No single set of policies can meet these requirements for every business. Network security and performance requirements differ between and within organizations. Policies – especially access policies – must reflect the uniqueness of individual networks, the differing types of users and/or devices requiring network access, the level of network access required, and the information the network protects.
Regulating Application Usage
Whether they apply across the corporation or to an individual user, effective policies require accurate identification of application traffic. Because identifying applications by port numbers is no longer reliable, many organizations now regulate applications using IPS (Intrusion Prevention Systems).
Without compromising their contribution to network security, advanced IPS products support signatures specifically designed to detect applications. These IPS appliances use their ability to decode protocols and these signatures to identify application traffic quickly and accurately. Policies can then be set to block an individual application, or group of applications, or to follow QoS requirements.

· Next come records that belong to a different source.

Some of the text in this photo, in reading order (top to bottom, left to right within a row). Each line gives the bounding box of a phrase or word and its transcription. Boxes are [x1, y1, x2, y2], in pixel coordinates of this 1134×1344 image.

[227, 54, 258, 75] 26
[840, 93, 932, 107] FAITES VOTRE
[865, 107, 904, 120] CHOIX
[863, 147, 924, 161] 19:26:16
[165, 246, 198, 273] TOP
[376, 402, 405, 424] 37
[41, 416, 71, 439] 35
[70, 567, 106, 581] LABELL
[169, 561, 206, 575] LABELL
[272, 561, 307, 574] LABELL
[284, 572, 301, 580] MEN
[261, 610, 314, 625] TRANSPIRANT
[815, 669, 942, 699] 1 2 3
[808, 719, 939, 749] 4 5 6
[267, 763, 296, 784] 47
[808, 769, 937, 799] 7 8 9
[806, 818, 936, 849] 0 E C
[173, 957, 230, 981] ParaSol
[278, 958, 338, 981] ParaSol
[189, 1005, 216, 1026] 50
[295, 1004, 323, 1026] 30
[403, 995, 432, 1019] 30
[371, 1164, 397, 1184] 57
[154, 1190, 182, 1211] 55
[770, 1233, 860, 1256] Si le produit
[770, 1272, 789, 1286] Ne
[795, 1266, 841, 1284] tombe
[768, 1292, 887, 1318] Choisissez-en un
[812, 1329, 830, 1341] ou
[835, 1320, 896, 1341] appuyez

Implementing Corporate-wide Policy
Equipped with tools to accurately identify application traffic, enterprises can implement corporate-wide policies based on applications, individually or in groups. But even these policies rarely cover growing enterprise requirements. When new applications are deployed, for example, application policies must add controls for their individual features and capabilities (based on the business requirements and security risks).

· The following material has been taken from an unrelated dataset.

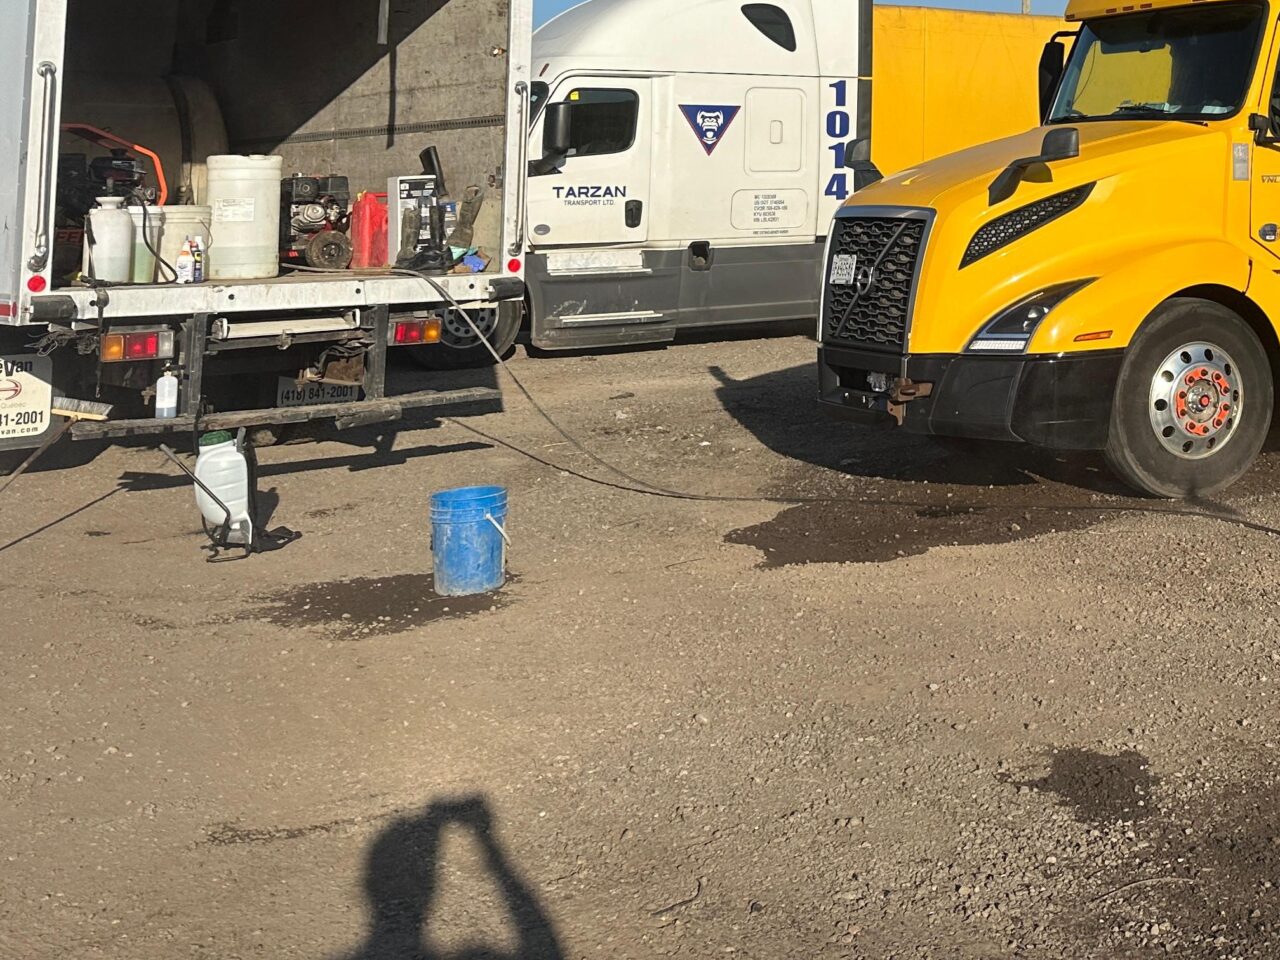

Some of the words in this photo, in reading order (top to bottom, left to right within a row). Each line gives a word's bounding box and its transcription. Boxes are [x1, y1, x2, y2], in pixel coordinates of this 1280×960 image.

[824, 80, 850, 201] 1014
[552, 186, 626, 198] TARZAN
[308, 385, 354, 400] 841-2001

Some IPS appliances can identify not only the type of application traffic, but traffic associated with individual application features – for example, IM text messages vs. IM file attachments. This level of detail gives IT administrators the control they need to deploy and manage applications effectively.

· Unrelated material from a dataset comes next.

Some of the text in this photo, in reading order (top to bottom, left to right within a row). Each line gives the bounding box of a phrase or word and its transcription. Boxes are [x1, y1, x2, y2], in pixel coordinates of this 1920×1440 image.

Usage Based on Users and Applications
Policies that equate users with IP addresses (as firewalls do) are inadequate in modern enterprise environments. Genuine user-based policies need NAC (network access control) solutions to provide accurate user information (i.e., user “Joe Smith” instead of 192.168.1.235). But identifying users is not enough. There must also be a way to apply policies to users as well as applications.
Today, advances in NAC and IPS products have increased their interoperability. Now it’s possible to deploy a solution in which an IPS appliance signals a NAC appliance that a particular application is in use, and supply relevant data. The NAC solution can then identify the user or device and determine whether access is legitimate. If not, it can then set enforcement point policies – such as firewalls and switches – in real time, either to cease the user’s session, quarantine the user or block the user entirely from accessing the network. Working together to isolate network threats down to individual users or devices, NAC and IPS help enterprises to mitigate threats quickly, thus minimizing network and user downtime.
In everyday use, policies implemented across the network assure that mission-critical applications receive the network bandwidth and latency they require. They also assure that any social networking and other low-priority activities are restricted to authorized users, consuming only the capacity the business decides to allocate to them. At the same time, security policies protect the corporate network against viruses, worms, spyware and other malicious code that might otherwise be downloaded from social networking sites.
The compelling advantages of a coordinated approach come into play when the network is under attack – either from outside or inside. Instead of responding in piecemeal fashion, IPS and NAC solutions work together. If an external Denial of Service attack floods network gateways with junk traffic, a NAC solution working with IPS may restrict employees to applications with high business priority – sacrificing MySpace and Facebook, for example, to save VOIP telephone service. Internally, acting through the firewall, it can limit guest network access, disable wireless network legs and raise authorization thresholds to sensitive information until the problem can be isolated and solved.